[Task to complete]
Please transcribe the entries below exactly and leave out every picture.

□ □ □

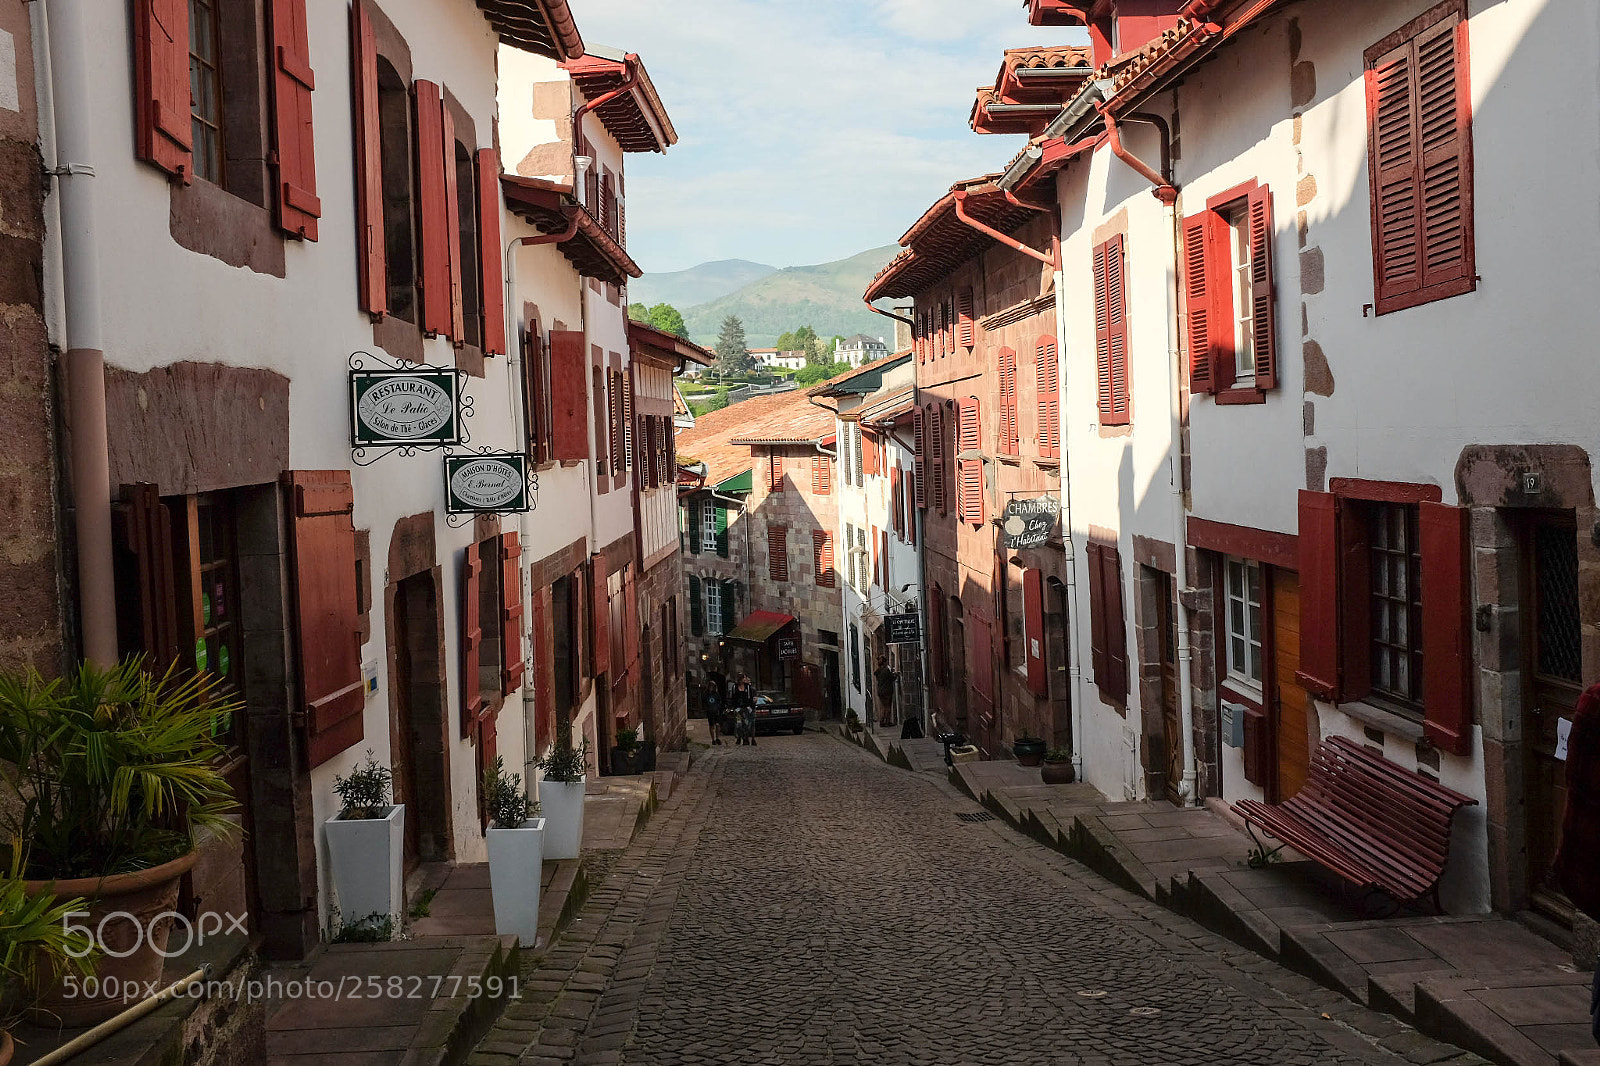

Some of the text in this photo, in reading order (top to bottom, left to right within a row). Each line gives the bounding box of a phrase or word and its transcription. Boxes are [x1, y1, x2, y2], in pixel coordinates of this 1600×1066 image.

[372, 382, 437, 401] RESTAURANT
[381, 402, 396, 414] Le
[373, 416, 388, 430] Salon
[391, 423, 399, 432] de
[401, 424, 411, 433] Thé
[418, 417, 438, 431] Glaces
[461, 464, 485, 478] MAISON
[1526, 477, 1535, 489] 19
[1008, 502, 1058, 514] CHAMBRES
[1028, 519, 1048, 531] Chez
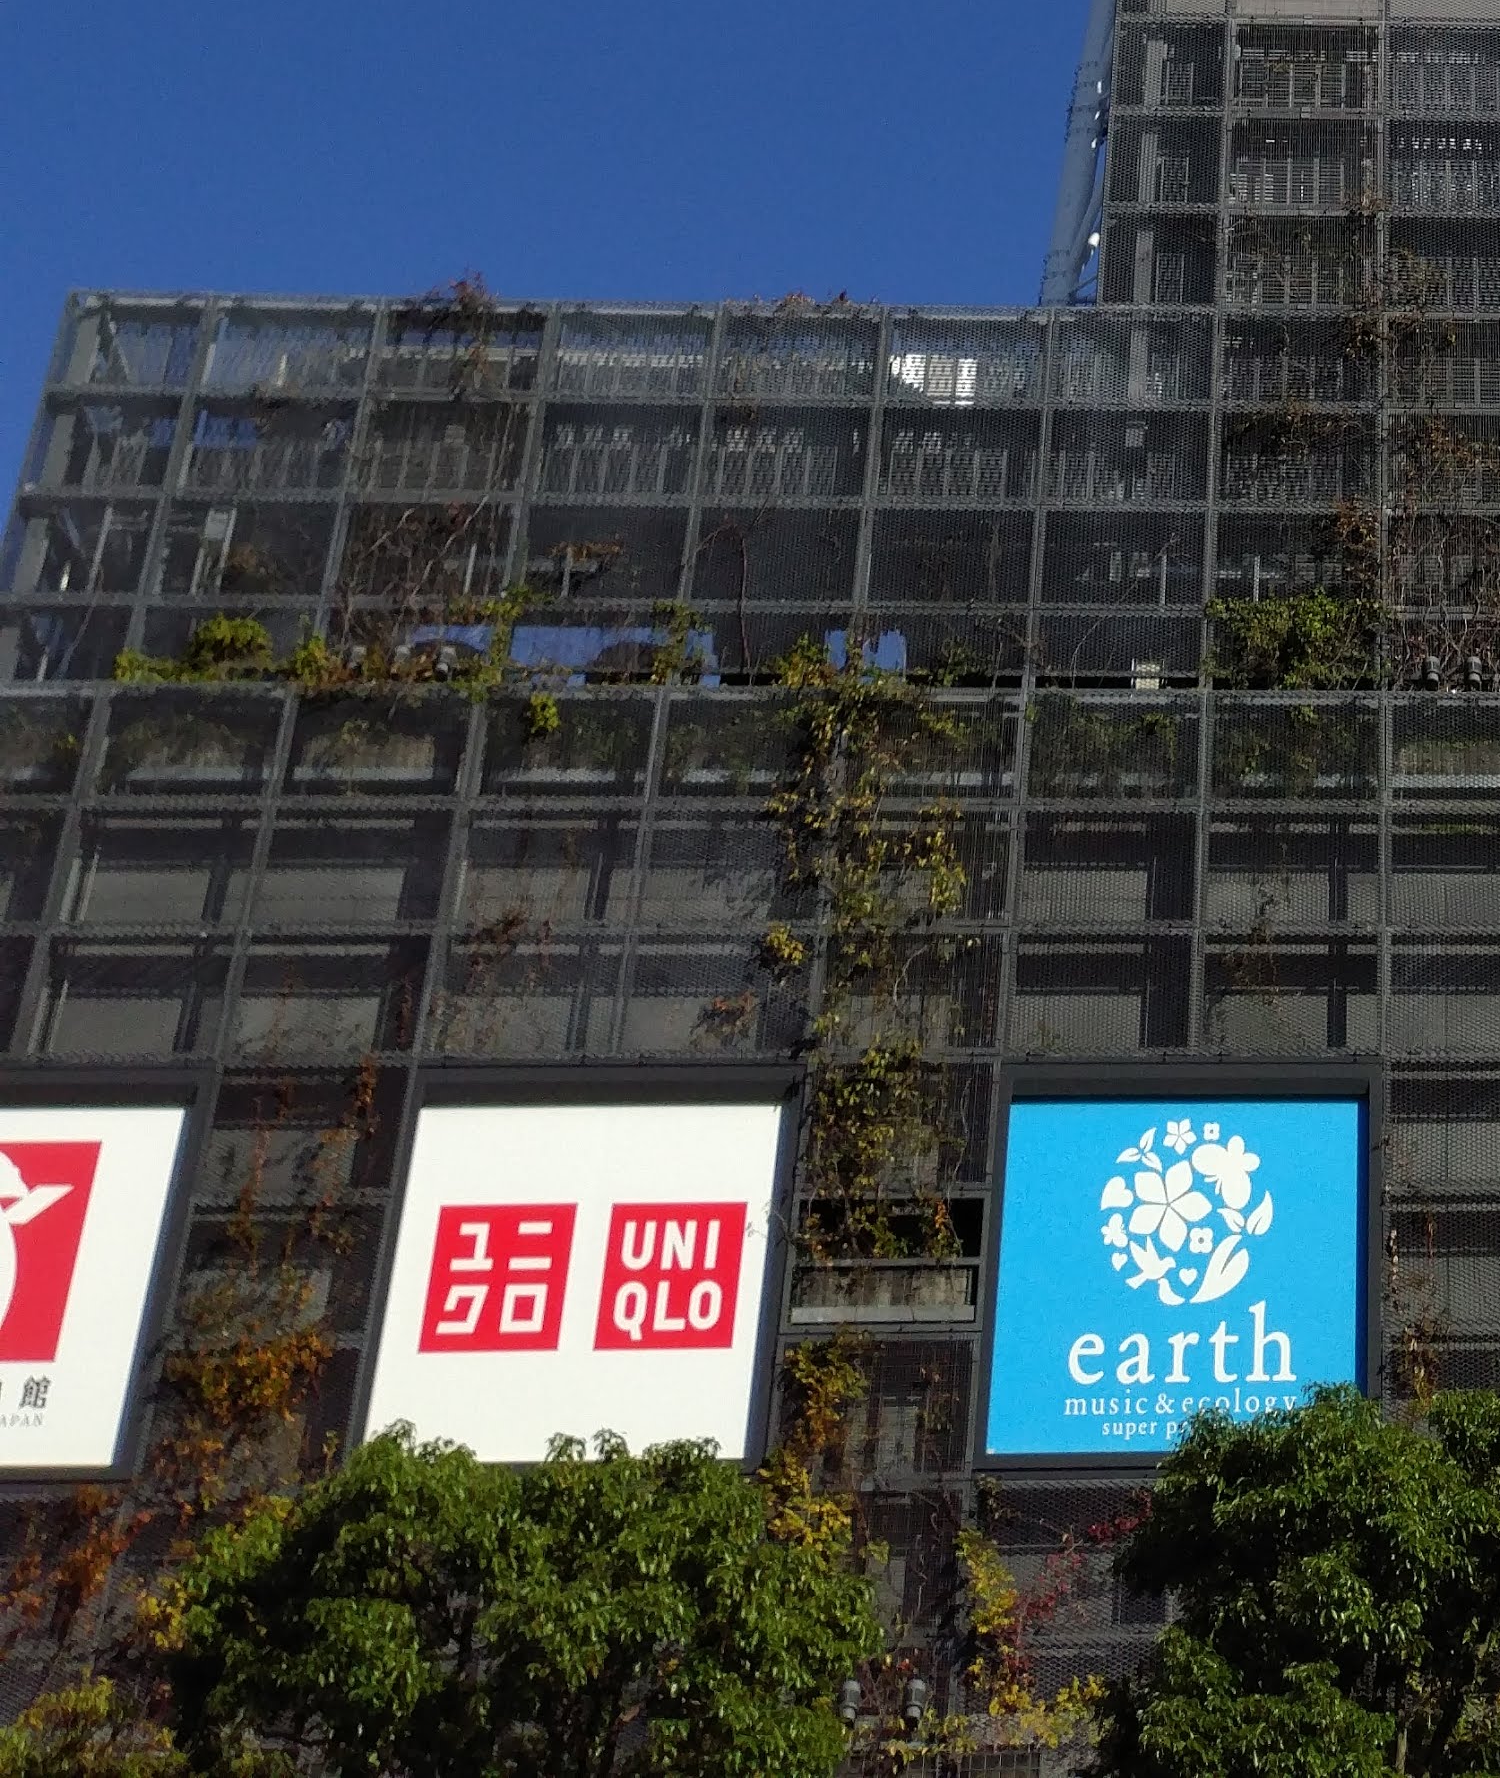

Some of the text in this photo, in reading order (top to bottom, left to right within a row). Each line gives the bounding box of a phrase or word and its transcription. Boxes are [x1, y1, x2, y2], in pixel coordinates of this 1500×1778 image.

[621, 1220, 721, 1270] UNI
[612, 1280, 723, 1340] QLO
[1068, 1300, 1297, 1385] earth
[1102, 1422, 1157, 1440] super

□ □ □

[Solved problem]
Some of the text in this photo, in reading order (top to bottom, left to right within a row). Each line gives the bounding box of a phrase or word and its transcription. Boxes are [x1, y1, x2, y2], in pixel coordinates of this 1600×1066 image.

[372, 382, 437, 401] RESTAURANT
[381, 402, 396, 414] Le
[373, 416, 388, 430] Salon
[391, 423, 399, 432] de
[401, 424, 411, 433] Thé
[418, 417, 438, 431] Glaces
[461, 464, 485, 478] MAISON
[1526, 477, 1535, 489] 19
[1008, 502, 1058, 514] CHAMBRES
[1028, 519, 1048, 531] Chez

Some of the text in this photo, in reading order (top to bottom, left to right within a row). Each line gives the bounding box of a phrase or word and its transcription. Boxes are [x1, y1, x2, y2], in pixel coordinates of this 1500×1778 image.

[621, 1220, 721, 1270] UNI
[612, 1280, 723, 1340] QLO
[1068, 1300, 1297, 1385] earth
[1102, 1422, 1157, 1440] super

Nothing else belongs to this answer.